(W1308) GENE REPLACEMENT USING WILD-TYPE TNNT2 RESCUES THE PHENOTYPES OF IPSC-CARDIOMYOCYTES DERIVED FROM PEDIATRIC DILATED CARDIOMYOPATHY HARBORING THE TNNT2-R151W MUTATION.
graduate student Osaka University Osaka University, Osaka, Japan
Abstract: Dilated cardiomyopathy (DCM) is a common cardiomyopathy characterized by ventricular dilatation and systolic dysfunction. The TNNT2-R151W mutation is known to cause DCM in both human and mouse models, demonstrating associations with Ca2+ desensitization and reduced contractility. However, there are no reports of utilizing patient-derived induced pluripotent stem cells (iPSCs) carrying the TNNT2-R151W mutation, looking at functional improvement after gene replacement. Here, we describe the characteristics of both TNNT2-R151W mutant iPSC-derived cardiomyocytes (R151W-iPSC-CMs) and iPSC-CMs with gene replacement for the mutation in vitro. Two human iPSC lines were generated from blood samples of pediatric DCM patients carrying the TNNT2-R151W mutation, and the TNNT2 overexpression lines derived from these R151W-iPSC lines (TNNT2-OE iPSC) were used to assess Ca2+ handling and sarcomere structures. To investigate contractile dynamics, we fabricated engineered heart tissues (EHTs) using R151W-iPSC-CMs and TNNT2-OE iPSC-CMs.

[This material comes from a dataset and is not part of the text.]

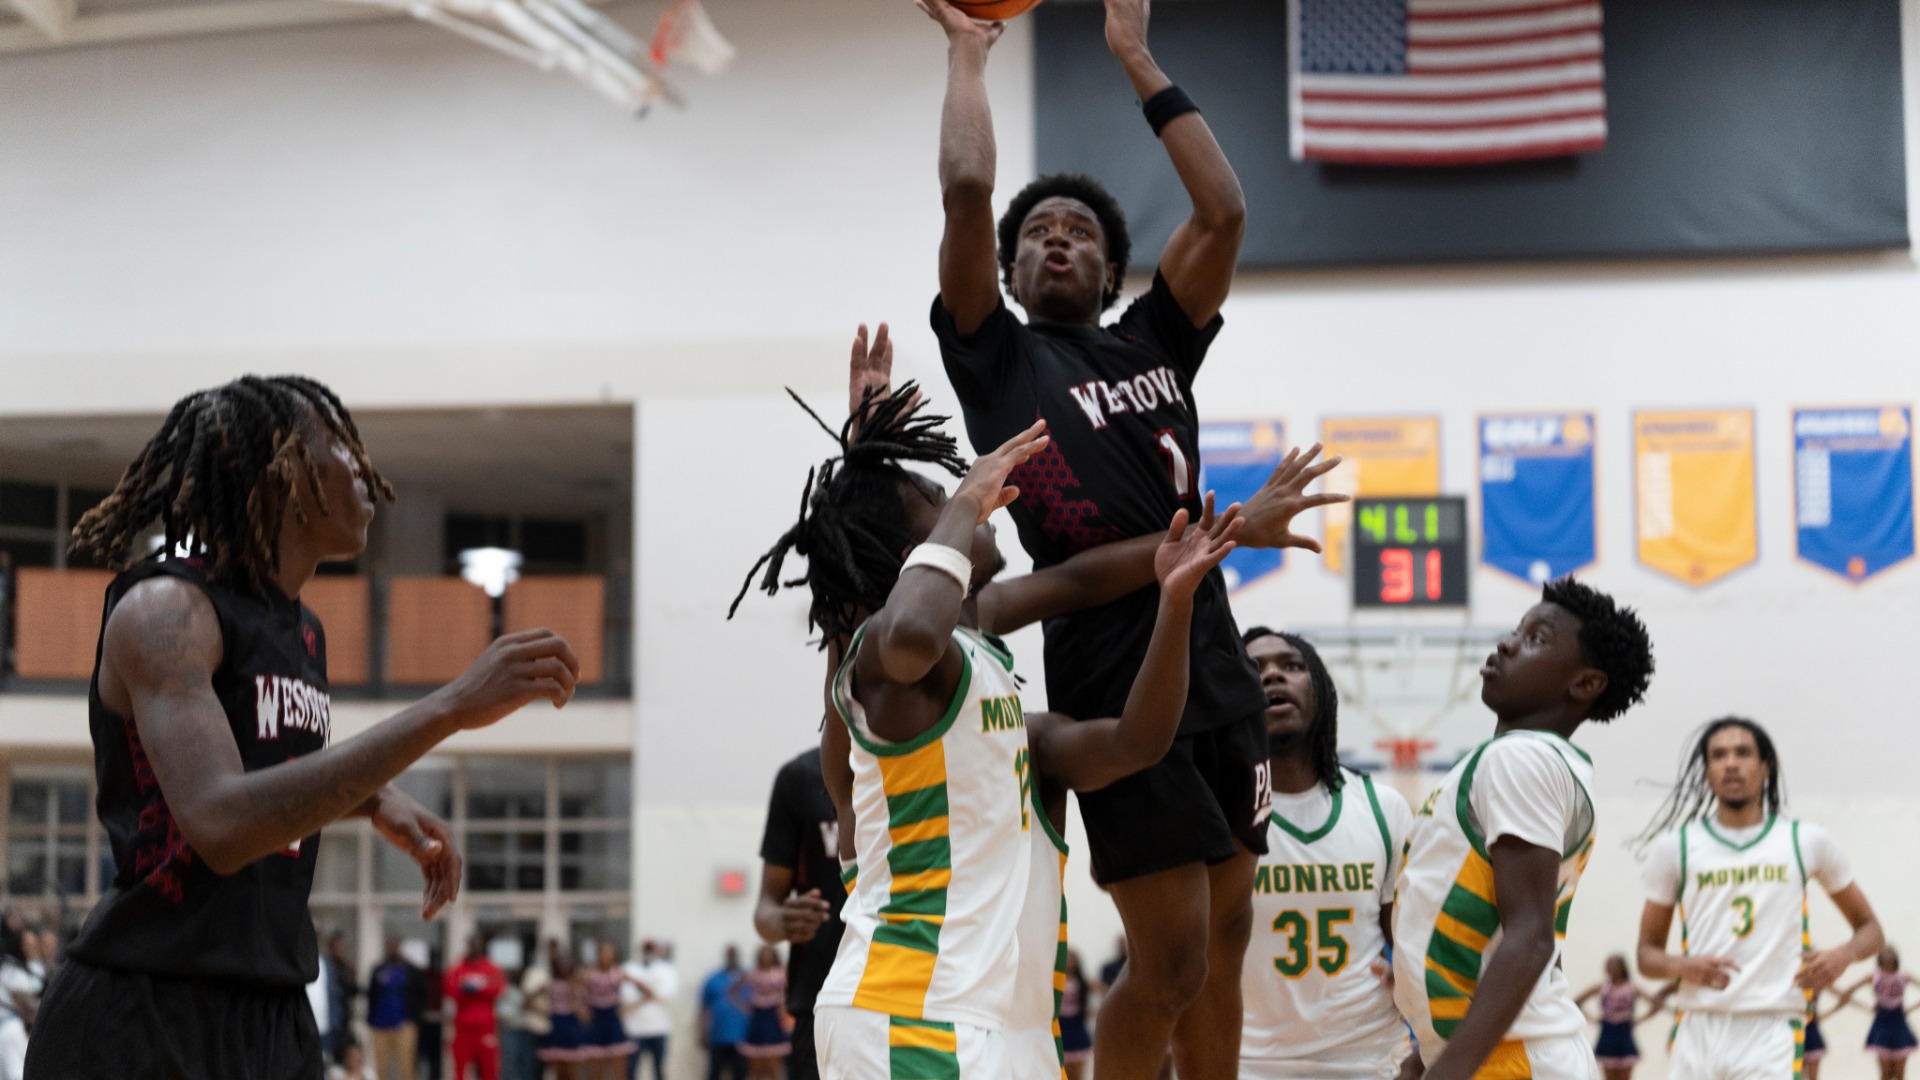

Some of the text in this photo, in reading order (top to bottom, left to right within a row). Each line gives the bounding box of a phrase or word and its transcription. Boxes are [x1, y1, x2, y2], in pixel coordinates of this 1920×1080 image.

Ca2+ handling analysis revealed that R151W-iPSC-CMs exhibited a significant decrease in maximum fluorescence intensity (amplitude) and a prolongation of time to maximum fluorescence intensity (time to peak), which are characteristic of failing heart tissue. Additionally, Ca2+ reuptake efficacy during relaxation, measured by Ca2+ decay tau, or the time taken for an 80% signal reduction, was also significantly prolonged in R151W-iPSC-CMs. Furthermore, R151W-iPSC-CMs displayed abnormality in sarcomere alignment. Notably, R151W-EHTs displayed diminished contractile force compared to TNNT2-OE-EHTs. These properties were ameliorated in TNNT2-OE iPSC-CMs, indicating that R151W-iPSC-CMs reflect DCM phenotypes in vitro. In conclusion, R151W-iPSC-CMs exhibited Ca2+ desensitization and abnormal sarcomere structure, and impaired contractility. These results suggest that gene therapy with normal TNNT2 may represent a promising therapeutic approach for pediatric DCM patients with TNNT2 mutations.